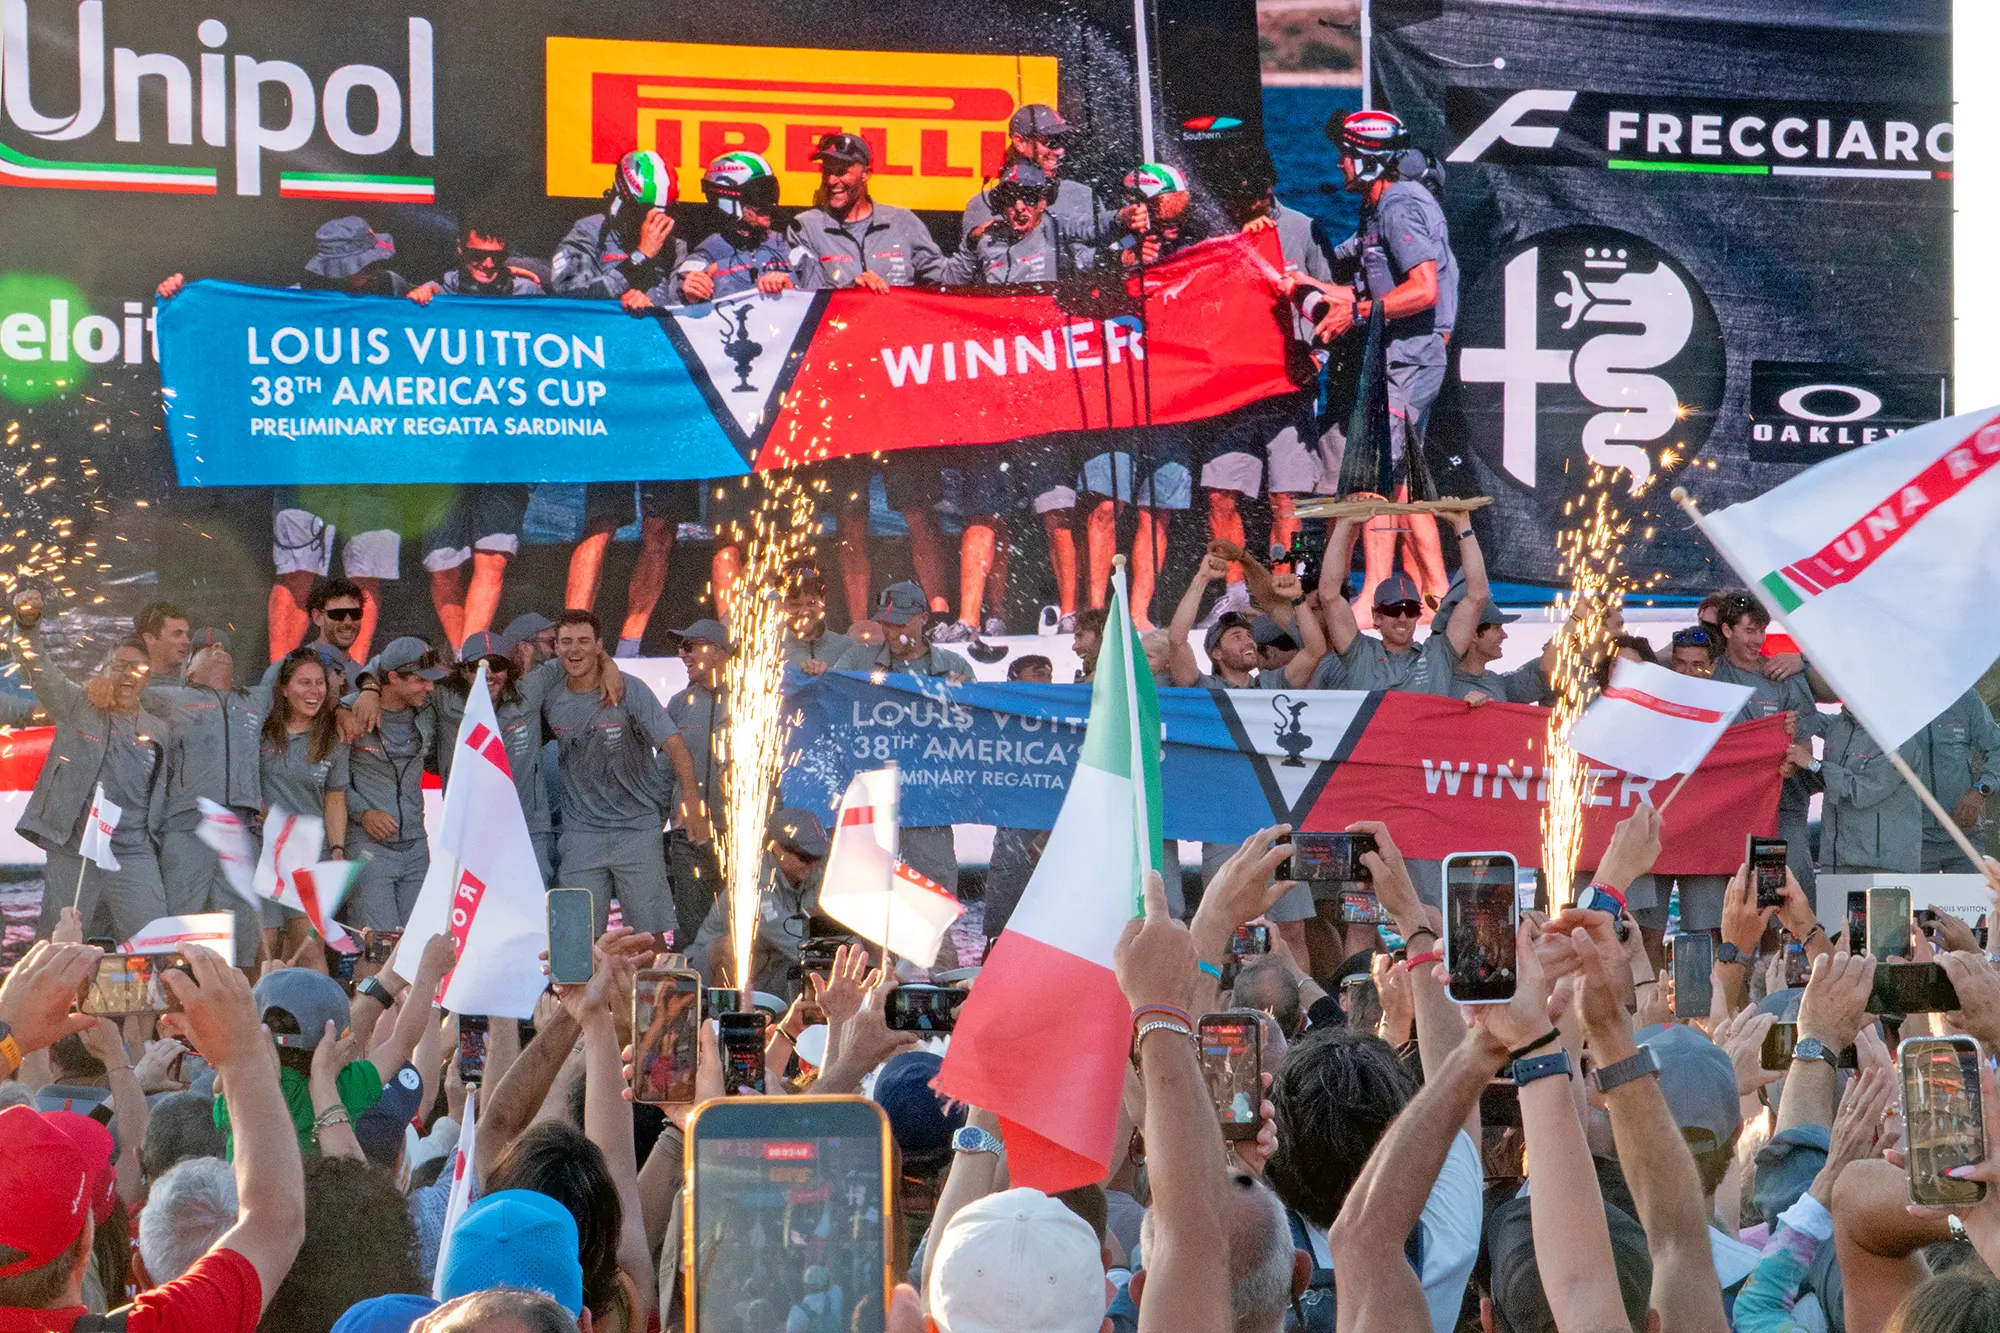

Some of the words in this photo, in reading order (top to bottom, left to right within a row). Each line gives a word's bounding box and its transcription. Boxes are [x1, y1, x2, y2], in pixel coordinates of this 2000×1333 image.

[1, 0, 434, 196] Unipol
[592, 72, 1014, 179] PIRELLI
[1182, 131, 1221, 141] Southern
[247, 326, 391, 365] LOUIS
[403, 327, 606, 370] VUITTON
[881, 314, 1146, 388] WINNER
[250, 375, 322, 406] 38TH
[331, 375, 528, 407] AMERICA'S
[537, 378, 607, 407] CUP
[250, 416, 398, 437] PRELIMINARY
[403, 416, 499, 436] REGATTA
[504, 417, 609, 437] SARDINIA
[1812, 484, 1930, 578] LUNA
[852, 700, 975, 730] LOUIS
[852, 734, 914, 760] 38TH
[982, 771, 1065, 790] REGATTA
[1957, 905, 1988, 913] VUITTON

[Problem] Set every record down again verbatim, without pictures.

[Completed exercise]
Some of the words in this photo, in reading order (top to bottom, left to right within a row). Each line gives a word's bounding box and its transcription. Boxes are [x1, y1, x2, y2], in pixel coordinates of this 2000×1333 image.

[1, 0, 434, 196] Unipol
[592, 72, 1014, 179] PIRELLI
[1182, 131, 1221, 141] Southern
[247, 326, 391, 365] LOUIS
[403, 327, 606, 370] VUITTON
[881, 314, 1146, 388] WINNER
[250, 375, 322, 406] 38TH
[331, 375, 528, 407] AMERICA'S
[537, 378, 607, 407] CUP
[250, 416, 398, 437] PRELIMINARY
[403, 416, 499, 436] REGATTA
[504, 417, 609, 437] SARDINIA
[1812, 484, 1930, 578] LUNA
[852, 700, 975, 730] LOUIS
[852, 734, 914, 760] 38TH
[982, 771, 1065, 790] REGATTA
[1957, 905, 1988, 913] VUITTON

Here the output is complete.